Vu l'appel interjeté le 15 février 2018 par Mme [Y] [U] [C] de cette décision.

Vu les conclusions des parties auxquelles il est renvoyé pour l'exposé détaillé des prétentions et moyens présentés en cause d'appel .

Aux termes de conclusions transmises le 7 septembre 2020 par voie électronique, Mme [U] [C] demande à la cour de:

- Déclarer Mme [U] [C] recevable et bien fondé en son appel et, en conséquence, réformer le jugement entrepris et statuant à nouveau:

- Constater que Mme [U] [C] a subi une sanction disciplinaire injustifiée;

- Annuler, par conséquent, la sanction prononcée le 6 octobre 2015;

- Constater que Mme [U] [C] a fait l'objet de discriminations de la part de son employeur;

- Constater que Mme [U] [C] a fait l'objet de harcèlement moral de la part de son employeur ayant donné lieu à une dégradation de ses conditions de travail;

- Constater que la société Axis Alternatives n'a pas respecté le régime de protection dont bénéficiait Mme [U] [C] au titre de sa grossesse;

- Constater que la société Axis Alternatives a décidé de licencier Mme [U] [C] en conséquence de sa demande de résiliation judiciaire de son contrat de travail;

- Déclarer nul le licenciement de Mme [U] [C];

- Constater que la société a manqué à son obligation de sécurité de résultat;

- Constater que Mme [U] [C] a été contrainte de travailler selon une convention de forfait jours illicite;

- Annuler, par conséquent, la convention de forfait jours;

En conséquence :

Constater que le salaire moyen de Mme [U] [C] s'élève à 7 503 euros bruts (moyenne des trois derniers mois);

Constater la nullité du licenciement de Mme [U] [C] et, en conséquence, condamner la société Axis Alternatives à verser à Mme [U] [C]:

- 135 054 euros de dommages et intérêts pour licenciement nul;

- 360 144 euros au titre de l'indemnité correspondant à la rémunération que Mme [U] [C] aurait dû percevoir pour la période intervenue entre le licenciement nul et la décision de la cour d'appel de Paris à parfaire;

- 22 509 euros au titre de son préavis;

- 2 250 euros au titre des congés payés sur préavis;

Subsidiairement, sur le licenciement,

- Constater le caractère sans cause réel et sérieuse du licenciement de Mme [U] [C], et en conséquence, condamner la société Axis Alternatives à lui verser:

- 135 054 euros pour licenciement sans cause réelle et sérieuse,

- 22 509 euros au titre de son préavis,

2 250 euros au titre des congés payés sur préavis.

En tout état de cause :

- Constater l'illicéité de la convention de forfait jour et, en conséquence, Condamner

la société Axis Alternatives à verser à Mme [U] [C] la somme de 197 437 euros au titre de rappel des heures supplémentaires et de 25 000 euros de dommages et intérêts pour non respect du repos obligatoire;

- Constater la nullité de la sanction prononcée à l'encontre de Mme [U] [C], et le traitement discriminatoire dont elle a fait l'objet, et condamner la société Axis Alternatives à lui verser :

- 20 000 euros de dommages et intérêts au titre de la discrimination

- 20 000 euros au titre de l'indemnité pour non-respect de l'obligation de sécurité par l'employeur;

- Condamner la société Axis Alternatives à verser à Mme [U] [C] la somme de 5 000 euros au titre de l'article 700 du Code de procédure civile;

- Assortir sa décision des intérêts au taux légal et capitalisation.
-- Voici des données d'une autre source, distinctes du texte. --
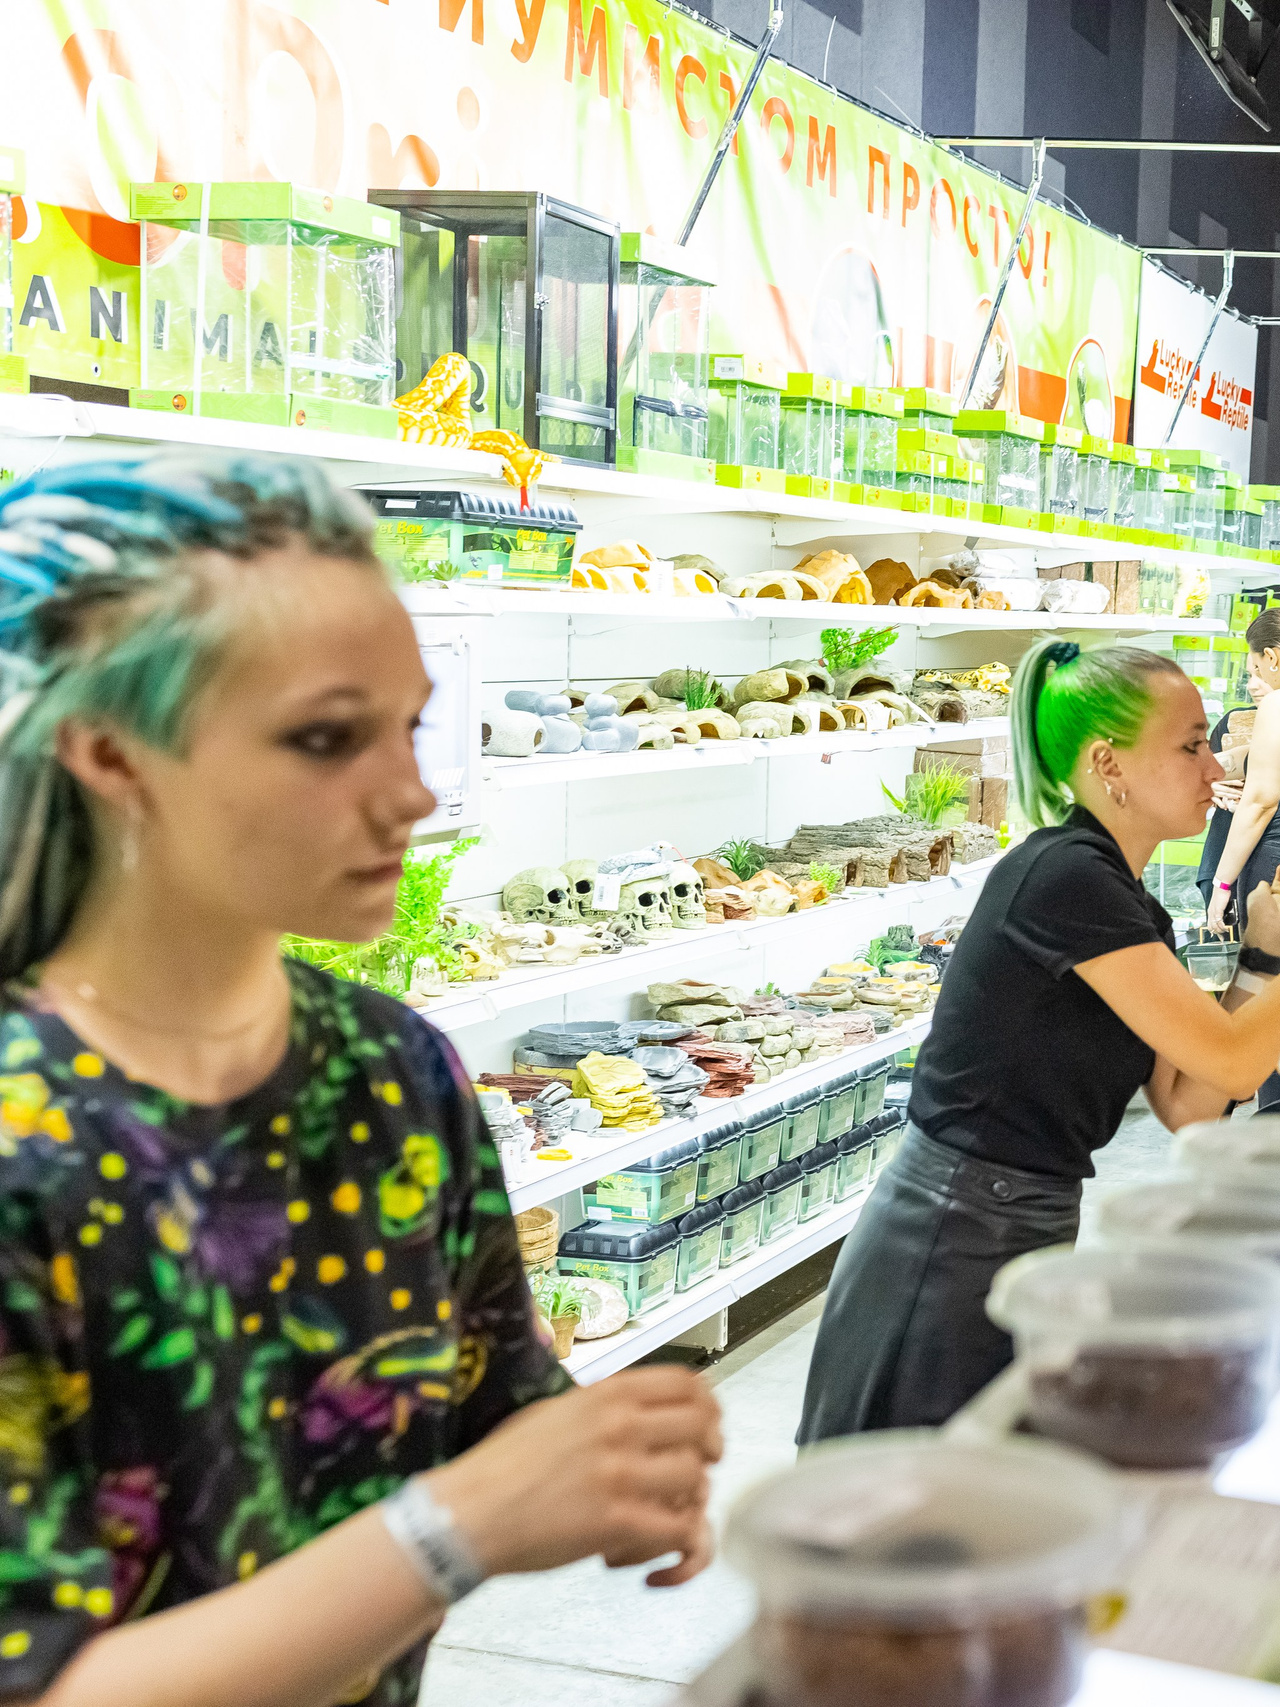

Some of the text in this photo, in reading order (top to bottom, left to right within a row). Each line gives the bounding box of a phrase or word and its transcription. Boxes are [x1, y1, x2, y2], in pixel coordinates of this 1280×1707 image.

Aux termes de conclusions transmises le 7 septembre 2020 par voie électronique, la société Axis Alternatives demande à la cour de:

«'Sur le bien-fondé de la rupture amiable du contrat de travail de Mme [U] [C] pour motif économique'»:

- Infirmer le jugement de première instance en ce qu'il a considéré le licenciement de Mme [U] [C] dépourvu de cause réelle et sérieuse;

- Confirmer le jugement de première instance en ce qu'il a constaté que la Société avait recherché des possibilités de reclassement pour Mme [U] [C];

Et jugeant à nouveau:

- Dire et juger le licenciement de Mme [U] [C] parfaitement justifié par une cause réelle et sérieuse;

«'Sur la validité de la rupture amiable du contrat de travail de Mme [U] [C]'»

- Confirmer le jugement de première instance en ce qu'il a débouté Mme [U] [C] de sa demande en annulation de son licenciement pour motif discriminatoire lié à son état de grossesse;

- Confirmer le jugement de première instance en ce qu'il a débouté Mme [U] [C] de sa demande en annulation de son licenciement pour motif lié à son action en justice;

Confirmer le jugement de première instance en ce qu'il a débouté Mme [U] [C] de ses demandes indemnitaires au titre de son prétendu licenciement nul.

«'Sur le rejet des demandes indemnitaires formulées par Mme [U] [C] au titre de la rupture de son contrat de travail'»:

- Confirmer le jugement de première instance en ce qu'il a débouté Mme [U] [C] de l'ensemble de ses demandes indemnitaires au titre de la prétendue nullité de son licenciement;

- Infirmer le jugement de première instance en ce qu'il a condamné la société Axis Alternatives à verser à Mme [U] [C] 50 000 euros au titre de l'indemnité pour licenciement sans cause réelle et sérieuse.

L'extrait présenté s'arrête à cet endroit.